***** EXTRACTED DATA *****
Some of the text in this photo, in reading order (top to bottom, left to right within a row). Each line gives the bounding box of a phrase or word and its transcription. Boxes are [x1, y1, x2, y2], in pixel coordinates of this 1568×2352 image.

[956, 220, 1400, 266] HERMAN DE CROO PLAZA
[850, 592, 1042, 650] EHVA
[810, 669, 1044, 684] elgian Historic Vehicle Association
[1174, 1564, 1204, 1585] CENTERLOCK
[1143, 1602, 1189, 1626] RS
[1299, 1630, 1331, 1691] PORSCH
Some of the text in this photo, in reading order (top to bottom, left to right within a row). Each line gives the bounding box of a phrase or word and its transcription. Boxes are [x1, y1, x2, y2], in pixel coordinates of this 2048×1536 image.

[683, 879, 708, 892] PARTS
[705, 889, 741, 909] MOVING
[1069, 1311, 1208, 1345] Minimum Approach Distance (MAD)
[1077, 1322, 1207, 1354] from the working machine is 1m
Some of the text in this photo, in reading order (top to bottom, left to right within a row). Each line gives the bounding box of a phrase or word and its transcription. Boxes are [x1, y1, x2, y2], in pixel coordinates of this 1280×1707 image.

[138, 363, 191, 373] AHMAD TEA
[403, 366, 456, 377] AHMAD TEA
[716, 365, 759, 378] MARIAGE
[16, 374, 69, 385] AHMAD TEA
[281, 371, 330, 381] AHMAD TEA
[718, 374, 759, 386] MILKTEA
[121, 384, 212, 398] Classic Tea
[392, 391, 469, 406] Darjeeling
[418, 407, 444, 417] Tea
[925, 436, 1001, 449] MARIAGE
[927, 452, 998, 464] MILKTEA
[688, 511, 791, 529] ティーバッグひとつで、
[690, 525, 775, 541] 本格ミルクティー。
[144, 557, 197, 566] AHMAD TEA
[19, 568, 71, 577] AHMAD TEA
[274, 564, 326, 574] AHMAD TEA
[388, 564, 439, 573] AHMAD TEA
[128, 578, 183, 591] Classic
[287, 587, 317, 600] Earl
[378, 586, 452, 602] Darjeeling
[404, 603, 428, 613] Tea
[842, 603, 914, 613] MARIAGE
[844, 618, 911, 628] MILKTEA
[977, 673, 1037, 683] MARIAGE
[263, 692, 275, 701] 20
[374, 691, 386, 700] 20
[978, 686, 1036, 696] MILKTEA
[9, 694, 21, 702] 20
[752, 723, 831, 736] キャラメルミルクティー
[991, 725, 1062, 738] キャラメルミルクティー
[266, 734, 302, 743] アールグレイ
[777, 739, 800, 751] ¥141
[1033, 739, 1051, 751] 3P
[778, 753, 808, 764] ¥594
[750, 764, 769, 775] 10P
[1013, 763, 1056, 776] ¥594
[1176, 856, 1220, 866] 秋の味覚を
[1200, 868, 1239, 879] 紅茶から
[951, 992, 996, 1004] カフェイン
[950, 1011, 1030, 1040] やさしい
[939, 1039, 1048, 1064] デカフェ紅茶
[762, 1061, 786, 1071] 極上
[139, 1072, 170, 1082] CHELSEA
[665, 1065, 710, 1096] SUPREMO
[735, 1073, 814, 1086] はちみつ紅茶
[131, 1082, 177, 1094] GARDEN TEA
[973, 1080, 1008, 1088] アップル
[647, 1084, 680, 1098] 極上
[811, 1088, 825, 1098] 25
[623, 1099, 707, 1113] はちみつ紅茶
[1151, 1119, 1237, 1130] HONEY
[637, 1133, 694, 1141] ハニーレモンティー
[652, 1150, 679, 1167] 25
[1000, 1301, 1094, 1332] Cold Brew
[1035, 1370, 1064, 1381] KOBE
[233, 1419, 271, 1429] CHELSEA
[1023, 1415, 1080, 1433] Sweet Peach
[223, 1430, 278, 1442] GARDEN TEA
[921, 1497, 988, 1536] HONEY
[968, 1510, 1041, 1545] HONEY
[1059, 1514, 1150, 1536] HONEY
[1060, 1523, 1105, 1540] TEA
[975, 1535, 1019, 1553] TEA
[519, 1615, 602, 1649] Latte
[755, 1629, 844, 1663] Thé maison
*****
## EXERCISE PROMPT
All of the data above needs to be set down again exactly. Include every line.

## COMPLETED TASK
Some of the text in this photo, in reading order (top to bottom, left to right within a row). Each line gives the bounding box of a phrase or word and its transcription. Boxes are [x1, y1, x2, y2], in pixel coordinates of this 1568×2352 image.

[956, 220, 1400, 266] HERMAN DE CROO PLAZA
[850, 592, 1042, 650] EHVA
[810, 669, 1044, 684] elgian Historic Vehicle Association
[1174, 1564, 1204, 1585] CENTERLOCK
[1143, 1602, 1189, 1626] RS
[1299, 1630, 1331, 1691] PORSCH
Some of the text in this photo, in reading order (top to bottom, left to right within a row). Each line gives the bounding box of a phrase or word and its transcription. Boxes are [x1, y1, x2, y2], in pixel coordinates of this 2048×1536 image.

[683, 879, 708, 892] PARTS
[705, 889, 741, 909] MOVING
[1069, 1311, 1208, 1345] Minimum Approach Distance (MAD)
[1077, 1322, 1207, 1354] from the working machine is 1m
Some of the text in this photo, in reading order (top to bottom, left to right within a row). Each line gives the bounding box of a phrase or word and its transcription. Boxes are [x1, y1, x2, y2], in pixel coordinates of this 1280×1707 image.

[138, 363, 191, 373] AHMAD TEA
[403, 366, 456, 377] AHMAD TEA
[716, 365, 759, 378] MARIAGE
[16, 374, 69, 385] AHMAD TEA
[281, 371, 330, 381] AHMAD TEA
[718, 374, 759, 386] MILKTEA
[121, 384, 212, 398] Classic Tea
[392, 391, 469, 406] Darjeeling
[418, 407, 444, 417] Tea
[925, 436, 1001, 449] MARIAGE
[927, 452, 998, 464] MILKTEA
[688, 511, 791, 529] ティーバッグひとつで、
[690, 525, 775, 541] 本格ミルクティー。
[144, 557, 197, 566] AHMAD TEA
[19, 568, 71, 577] AHMAD TEA
[274, 564, 326, 574] AHMAD TEA
[388, 564, 439, 573] AHMAD TEA
[128, 578, 183, 591] Classic
[287, 587, 317, 600] Earl
[378, 586, 452, 602] Darjeeling
[404, 603, 428, 613] Tea
[842, 603, 914, 613] MARIAGE
[844, 618, 911, 628] MILKTEA
[977, 673, 1037, 683] MARIAGE
[263, 692, 275, 701] 20
[374, 691, 386, 700] 20
[978, 686, 1036, 696] MILKTEA
[9, 694, 21, 702] 20
[752, 723, 831, 736] キャラメルミルクティー
[991, 725, 1062, 738] キャラメルミルクティー
[266, 734, 302, 743] アールグレイ
[777, 739, 800, 751] ¥141
[1033, 739, 1051, 751] 3P
[778, 753, 808, 764] ¥594
[750, 764, 769, 775] 10P
[1013, 763, 1056, 776] ¥594
[1176, 856, 1220, 866] 秋の味覚を
[1200, 868, 1239, 879] 紅茶から
[951, 992, 996, 1004] カフェイン
[950, 1011, 1030, 1040] やさしい
[939, 1039, 1048, 1064] デカフェ紅茶
[762, 1061, 786, 1071] 極上
[139, 1072, 170, 1082] CHELSEA
[665, 1065, 710, 1096] SUPREMO
[735, 1073, 814, 1086] はちみつ紅茶
[131, 1082, 177, 1094] GARDEN TEA
[973, 1080, 1008, 1088] アップル
[647, 1084, 680, 1098] 極上
[811, 1088, 825, 1098] 25
[623, 1099, 707, 1113] はちみつ紅茶
[1151, 1119, 1237, 1130] HONEY
[637, 1133, 694, 1141] ハニーレモンティー
[652, 1150, 679, 1167] 25
[1000, 1301, 1094, 1332] Cold Brew
[1035, 1370, 1064, 1381] KOBE
[233, 1419, 271, 1429] CHELSEA
[1023, 1415, 1080, 1433] Sweet Peach
[223, 1430, 278, 1442] GARDEN TEA
[921, 1497, 988, 1536] HONEY
[968, 1510, 1041, 1545] HONEY
[1059, 1514, 1150, 1536] HONEY
[1060, 1523, 1105, 1540] TEA
[975, 1535, 1019, 1553] TEA
[519, 1615, 602, 1649] Latte
[755, 1629, 844, 1663] Thé maison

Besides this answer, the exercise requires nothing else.